(This is the first part of our very long interview with Andy Collins and Scott “The Rouse”. In this installment, we cover how they came to Wizards and what their job entails, along with a few other personal matters.)
Critical-Hits: How did you get started at Wizards?
Andy Collins: I started about 13 years ago in Events, where we managed cons like this. I’ve been playing D&D since 1984. When I found out that Wizards was buying TSR, I said, “well, time to update the resume!” Because I always wanted to work on D&D, I figured I’d start at Wizards for a few years then move to Lake Geneva to join TSR. Then it turns out I didn’t have to.

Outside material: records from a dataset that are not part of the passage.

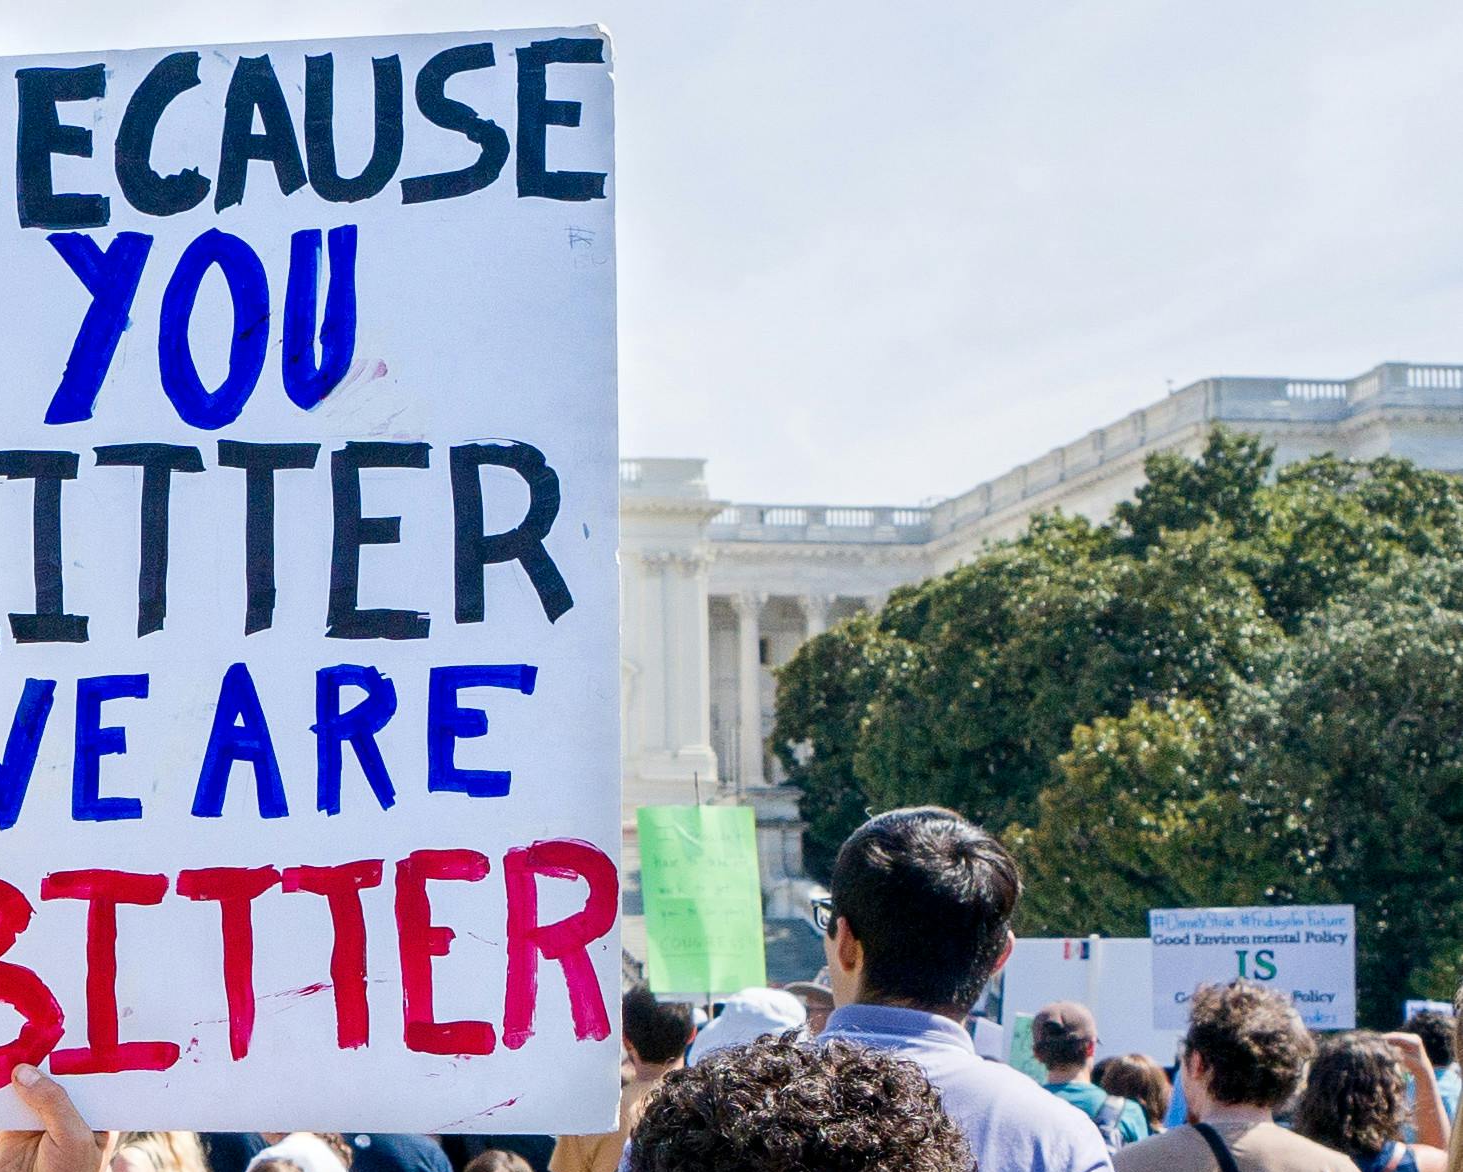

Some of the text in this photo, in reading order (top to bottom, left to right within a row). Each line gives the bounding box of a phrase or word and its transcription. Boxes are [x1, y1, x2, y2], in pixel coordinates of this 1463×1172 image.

[43, 224, 358, 430] YOU
[190, 662, 538, 820] ARE
[1152, 933, 1191, 945] Good
[1305, 930, 1348, 946] Policy
[1235, 950, 1278, 981] IS
[1292, 989, 1337, 1003] Policy

CH: That was nice of them. (At this point, we were joined by Scott Rouse, who we introduced ourselves to and handed our business cards out.)

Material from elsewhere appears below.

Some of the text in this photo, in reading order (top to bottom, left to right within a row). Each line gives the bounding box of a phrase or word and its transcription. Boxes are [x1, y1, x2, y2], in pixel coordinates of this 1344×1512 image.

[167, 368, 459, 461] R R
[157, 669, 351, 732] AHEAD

AC: Ah, Critical Hits. No longer necessary to confirm you.
CH: Yes, we were quite happy to see those rules being previewed, of all the possible rules to showcase.

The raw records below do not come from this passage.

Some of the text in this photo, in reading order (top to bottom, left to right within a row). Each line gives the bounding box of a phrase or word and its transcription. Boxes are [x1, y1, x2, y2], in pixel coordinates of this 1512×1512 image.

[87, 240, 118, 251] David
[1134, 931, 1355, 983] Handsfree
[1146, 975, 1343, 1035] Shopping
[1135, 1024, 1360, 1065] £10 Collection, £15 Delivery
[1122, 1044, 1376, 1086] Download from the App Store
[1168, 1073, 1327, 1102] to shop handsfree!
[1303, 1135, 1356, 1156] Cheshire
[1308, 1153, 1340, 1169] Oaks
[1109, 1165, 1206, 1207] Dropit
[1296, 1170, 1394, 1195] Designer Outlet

AC: It all falls under the idea of having more fun. We can make it faster, and take away a bit of the “darn”.
Scott Rouse: It removes that feeling of rolling a 20 and being disappointed.
AC: Exactly. Rolling a critical hit should be, everybody throws their arms up in the air, “Yes!” And not be, “now I have to do something else for it to be ‘Yes!’ ”
CH: And that goes along with getting rid of monster immunities and being immune to critical hits.
AC: Right. Why go out of our way to take away character’s fun options? Give people tactical reasons to use certain things against certain monsters. A monster can be a little resistant to a type of attack, but we don’t need the laundry list of monsters immune to fire in 3e. How is that fun for the wizard throwing fireballs? Particularly in 3e where that might be his only fireball, and he threw it, and “well, that sucks.” We can afford to let people hit monsters more and do more cool things, and it doesn’t break the game. It’s more fun to let people hit a monster with a sword ten times, than “miss, miss, immune, no effect, miss, hit it once and it’s gone.” That’s like flipping coins. No strategy to that.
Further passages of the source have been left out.